Fin juin, l’ambiance est studieuse sur le campus de la London School of Economics (LSE), nichée au cœur de la capitale britannique, à deux pas de Covent Garden. « C’est la période des examens de fin d’année scolaire », explique la Sierra-Léonaise Syerramia Willoughby, coordinatrice du blog « L’Afrique à LSE », qui nous fait visiter l’établissement. Après les étudiants de bachelor, c’est au tour des élèves de master de plancher. Dans les couloirs de la Clement House, le principal lieu d’examen, tout comme dans la bibliothèque ultramoderne, à l’architecture futuriste, ouverte vingt-quatre heures sur vingt-quatre, des panneaux invitent les passants au silence.

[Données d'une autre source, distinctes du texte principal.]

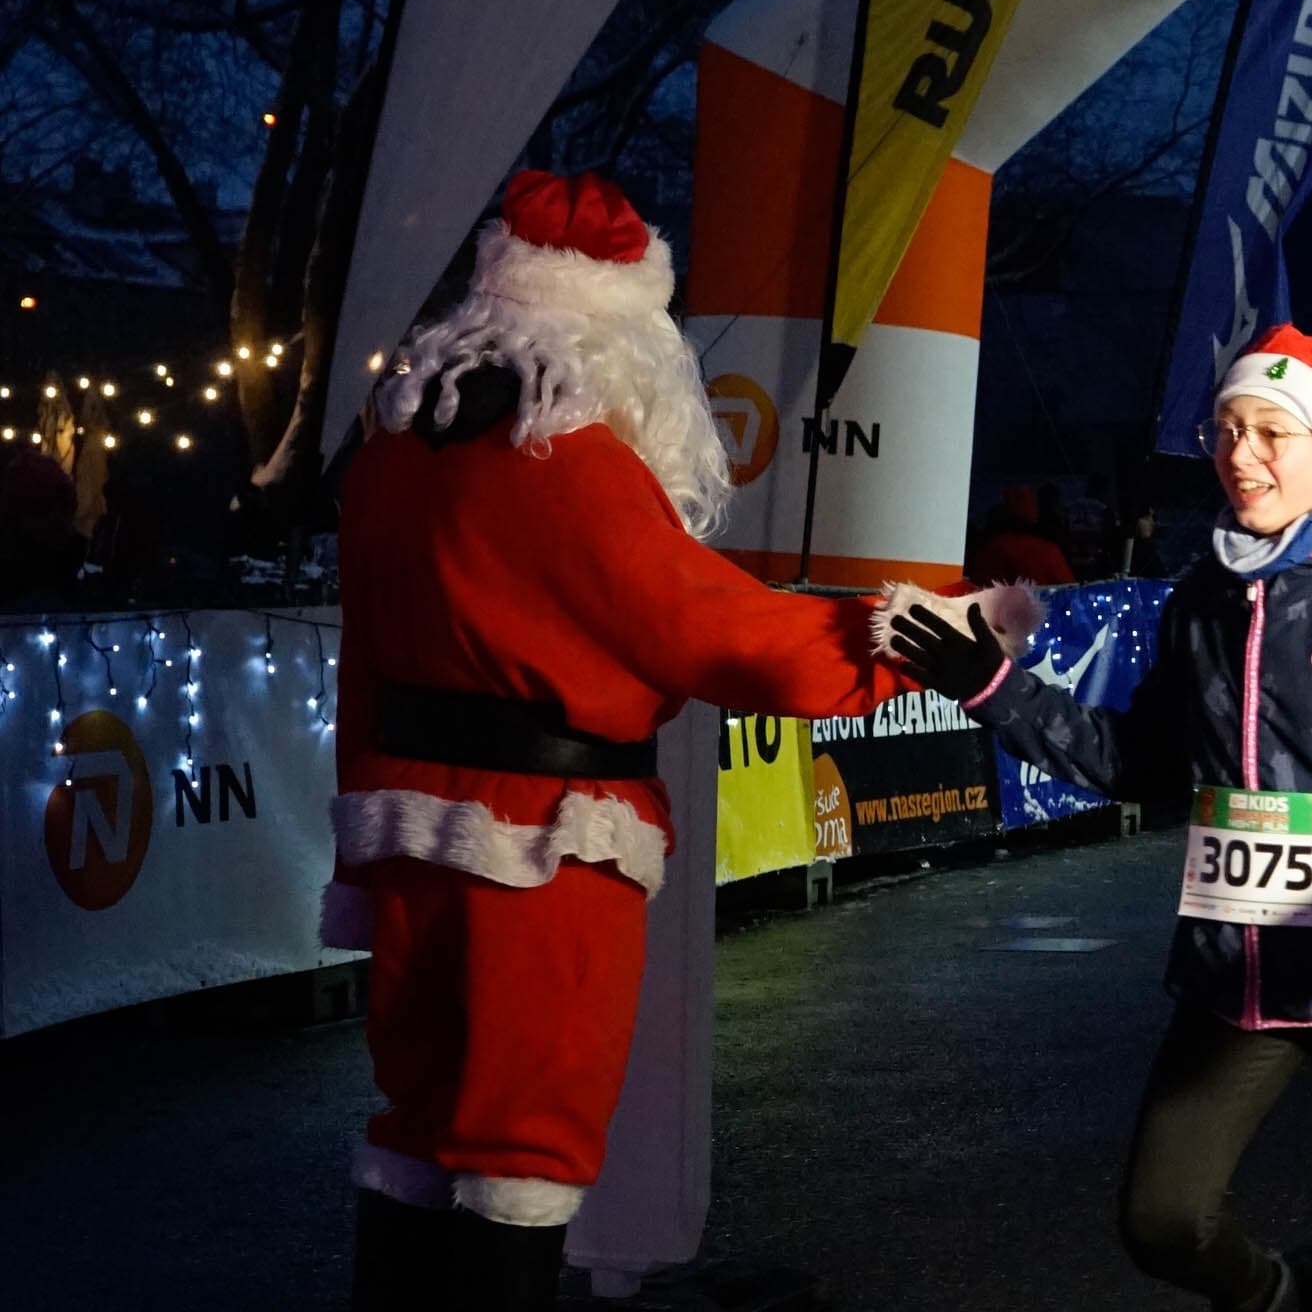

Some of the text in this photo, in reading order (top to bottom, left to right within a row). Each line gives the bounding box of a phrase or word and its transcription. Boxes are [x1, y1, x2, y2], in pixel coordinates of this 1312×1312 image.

« Le rythme est intensif, plus qu’à Sciences-Po à Paris, explique Marie-France Agblo, 25 ans, étudiante togolo-béninoise du master Global Politics, passée par la prestigieuse école française. Chaque semaine, les étudiants doivent lire plus de 1 000 pages avant d’en discuter avec leurs professeurs et leurs camarades. À cela viennent s’ajouter des cours plus formels, sanctionnés par des examens exigeants, et un mémoire. »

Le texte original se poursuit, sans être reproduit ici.